### Task description
Omitting all images, transcribe the entries word for word.

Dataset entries
————————
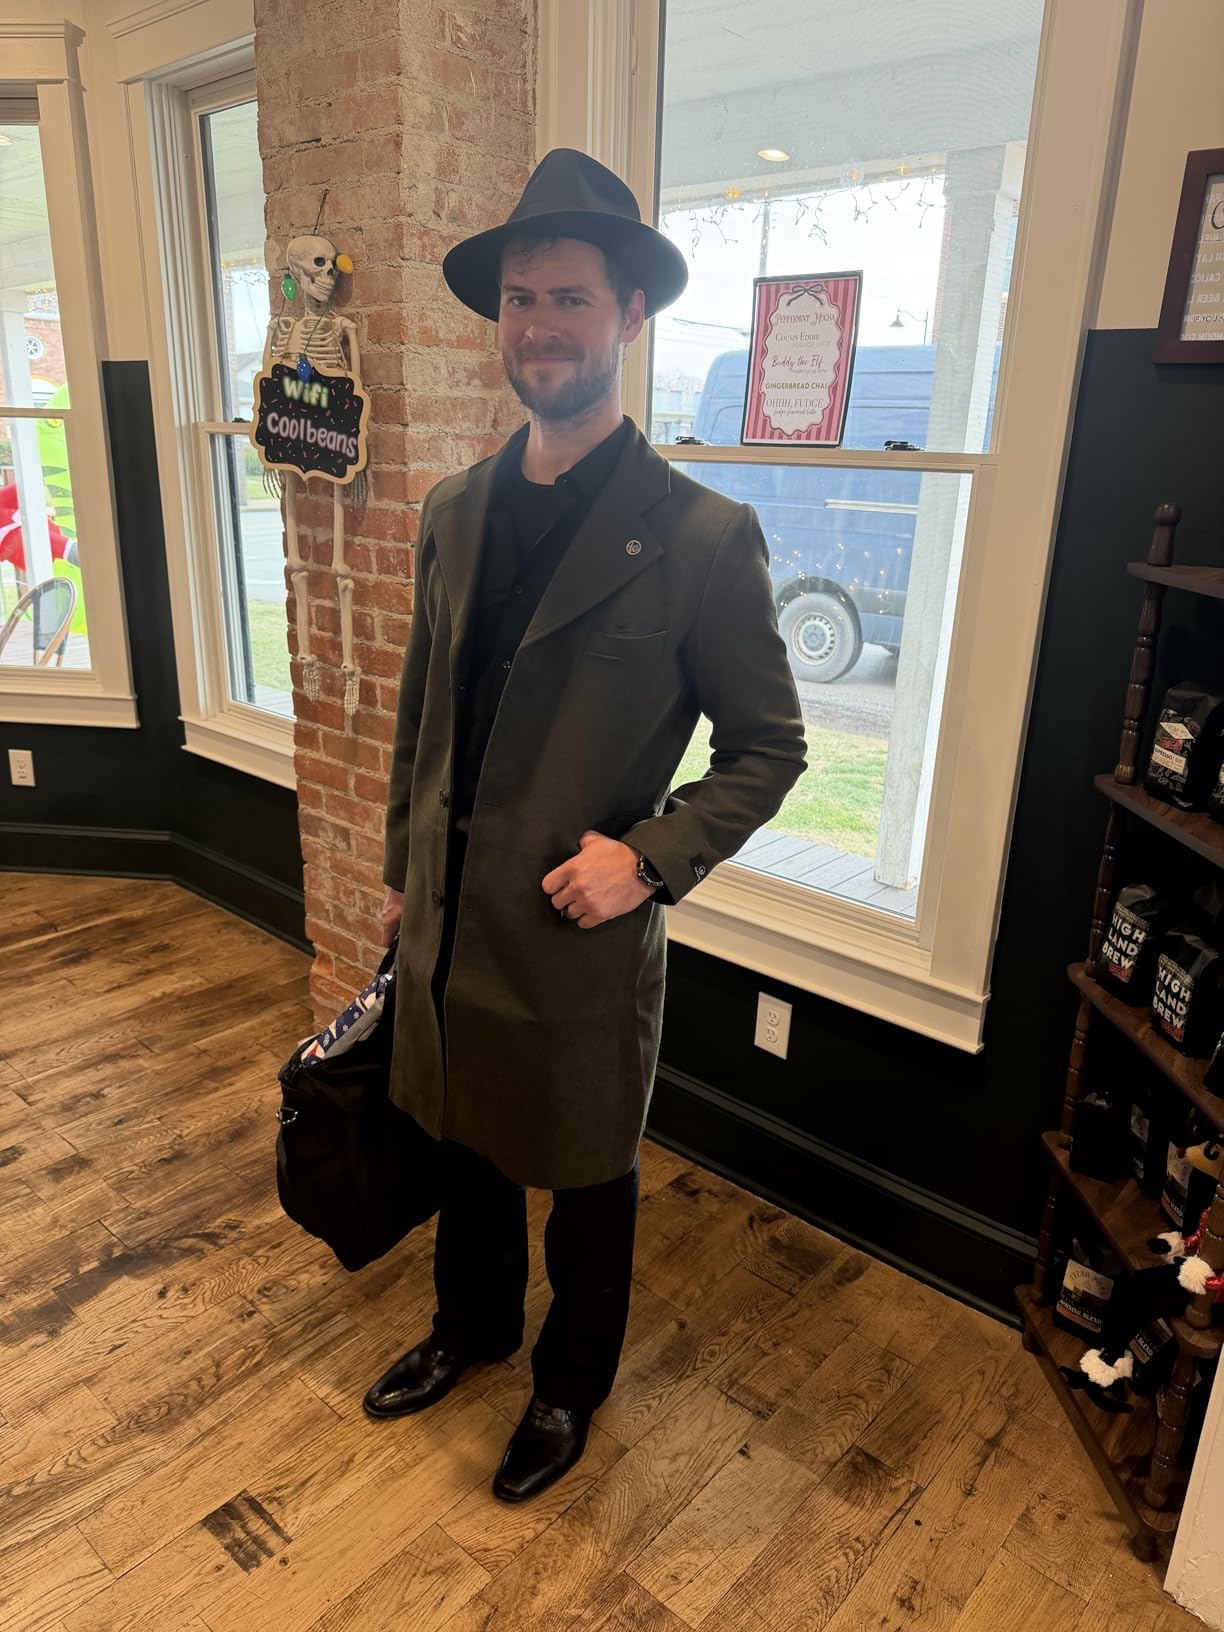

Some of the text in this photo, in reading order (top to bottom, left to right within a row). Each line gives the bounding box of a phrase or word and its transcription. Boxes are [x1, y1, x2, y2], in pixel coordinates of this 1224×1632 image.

[772, 354, 797, 369] Buddy
[797, 354, 809, 366] the
[283, 375, 329, 409] Wifi
[765, 382, 828, 390] GINGERBREAD CHAI
[794, 398, 824, 409] FUDGE
[265, 411, 358, 458] Coolbeans
[1107, 927, 1138, 956] LAND
[1111, 912, 1146, 943] HIGH
[1101, 940, 1135, 969] BREW
[1155, 980, 1187, 1015] LAND
[1158, 967, 1191, 1002] HIGH
[1152, 994, 1185, 1029] BREW
————————
### Your solution
Some of the text in this photo, in reading order (top to bottom, left to right within a row). Each line gives the bounding box of a phrase or word and its transcription. Boxes are [x1, y1, x2, y2], in pixel coordinates of this 1224×1632 image.

[772, 354, 797, 369] Buddy
[797, 354, 809, 366] the
[283, 375, 329, 409] Wifi
[765, 382, 828, 390] GINGERBREAD CHAI
[794, 398, 824, 409] FUDGE
[265, 411, 358, 458] Coolbeans
[1107, 927, 1138, 956] LAND
[1111, 912, 1146, 943] HIGH
[1101, 940, 1135, 969] BREW
[1155, 980, 1187, 1015] LAND
[1158, 967, 1191, 1002] HIGH
[1152, 994, 1185, 1029] BREW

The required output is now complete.